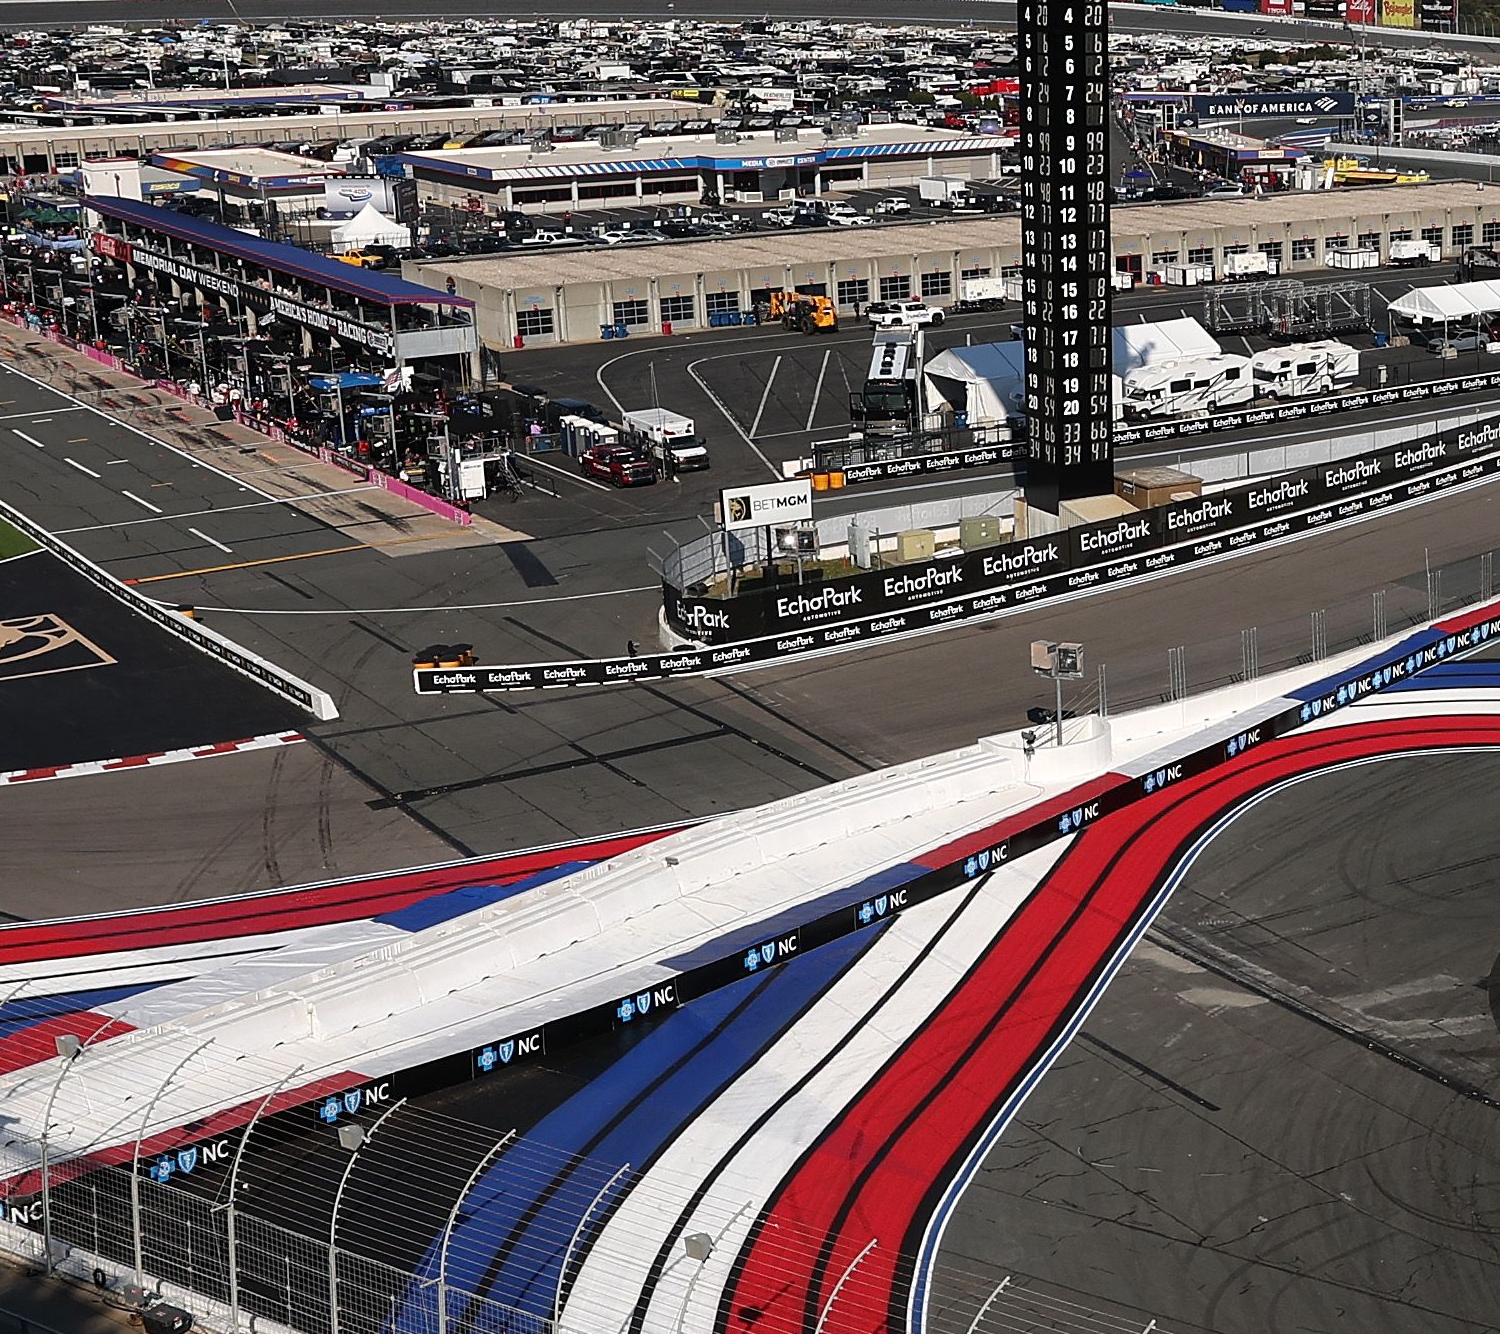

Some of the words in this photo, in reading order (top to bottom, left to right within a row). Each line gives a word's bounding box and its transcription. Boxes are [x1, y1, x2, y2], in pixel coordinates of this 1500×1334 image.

[1064, 8, 1074, 24] 4
[1064, 35, 1074, 51] 5
[1065, 58, 1075, 74] 6
[1065, 85, 1074, 101] 7
[1209, 104, 1241, 115] BANK
[1244, 104, 1258, 114] OF
[1261, 102, 1313, 113] AMERICA
[1066, 109, 1075, 125] 8
[1066, 135, 1075, 151] 9
[1059, 158, 1076, 174] 10
[1059, 185, 1075, 201] 11
[1060, 207, 1077, 223] 12
[1061, 234, 1077, 250] 13
[1061, 256, 1077, 272] 14
[133, 249, 180, 276] MEMORIAL
[180, 265, 198, 284] DAY
[198, 271, 239, 298] WEEKEND
[1061, 282, 1078, 298] 15
[1062, 304, 1078, 320] 16
[270, 296, 308, 323] AMERICA'S
[307, 309, 330, 331] HOME
[337, 320, 367, 345] RACING
[1062, 330, 1078, 346] 17
[1063, 352, 1079, 368] 18
[1063, 378, 1079, 394] 19
[1094, 374, 1107, 392] 14
[1064, 400, 1080, 416] 20
[1090, 395, 1107, 415] 54
[1064, 423, 1081, 444] 33
[1091, 421, 1107, 440] 66
[1065, 445, 1081, 465] 34
[1091, 441, 1108, 460] 41
[1394, 441, 1446, 468] EchoPark
[1325, 459, 1381, 488] EchoPark
[1248, 479, 1308, 509] EchoPark
[753, 494, 808, 512] BETMGM
[1168, 499, 1232, 530] EchoPark
[1080, 519, 1151, 552] EchoPark
[983, 543, 1059, 576] EchoPark
[884, 564, 963, 597] EchoPark
[777, 584, 862, 618] EchoPark
[712, 648, 750, 662] EchoPark
[606, 662, 648, 675] EchoPark
[434, 673, 476, 684] EchoPark
[1359, 677, 1372, 693] NC
[1248, 729, 1261, 744] NC
[1167, 765, 1183, 780] NC
[991, 845, 1009, 863] NC
[778, 936, 799, 956] NC
[655, 986, 675, 1005] NC
[518, 1032, 541, 1056] NC
[365, 1082, 391, 1106] NC
[202, 1139, 230, 1165] NC
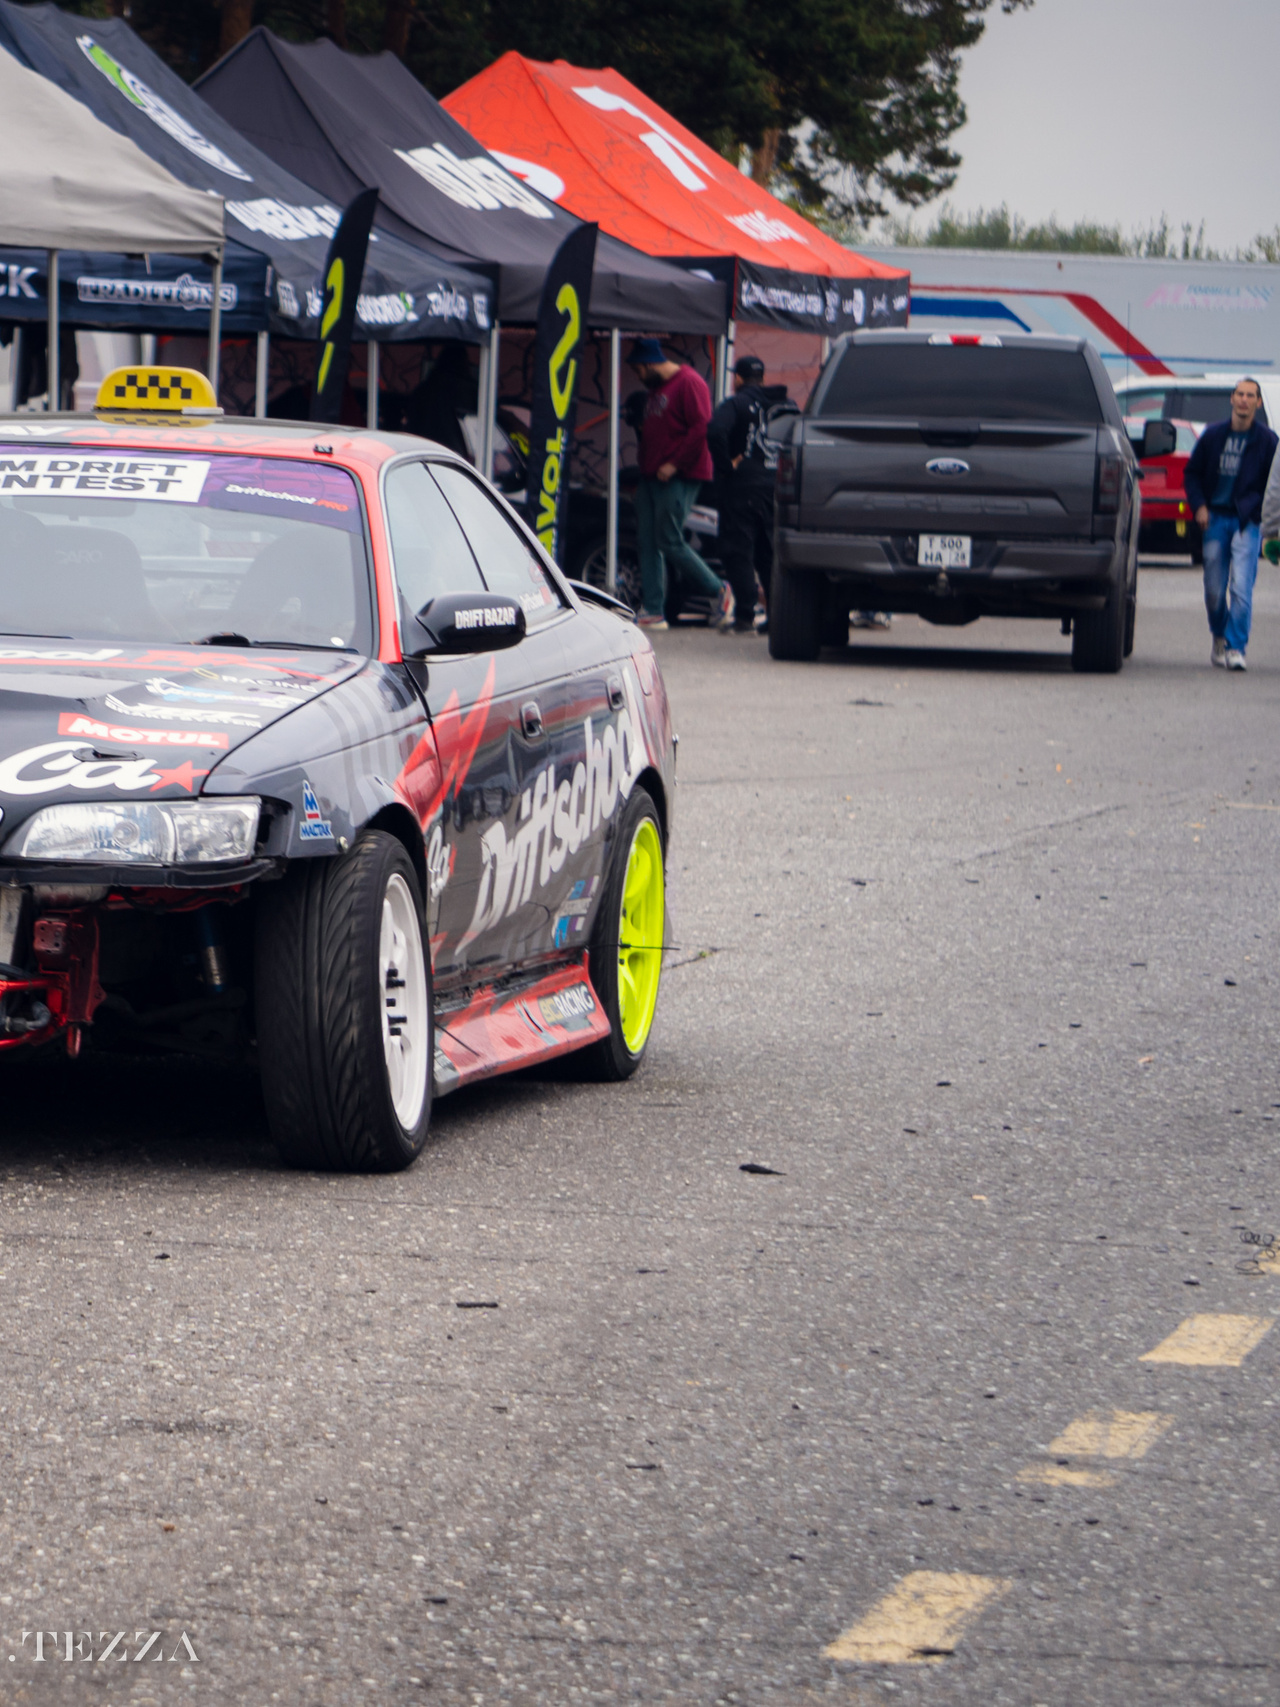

________________________

[What is needed]:
Check each line of the records for the string "AMERICA" and copy those that have it.

[Answer below]:
[1261, 102, 1313, 113] AMERICA
[270, 296, 308, 323] AMERICA'S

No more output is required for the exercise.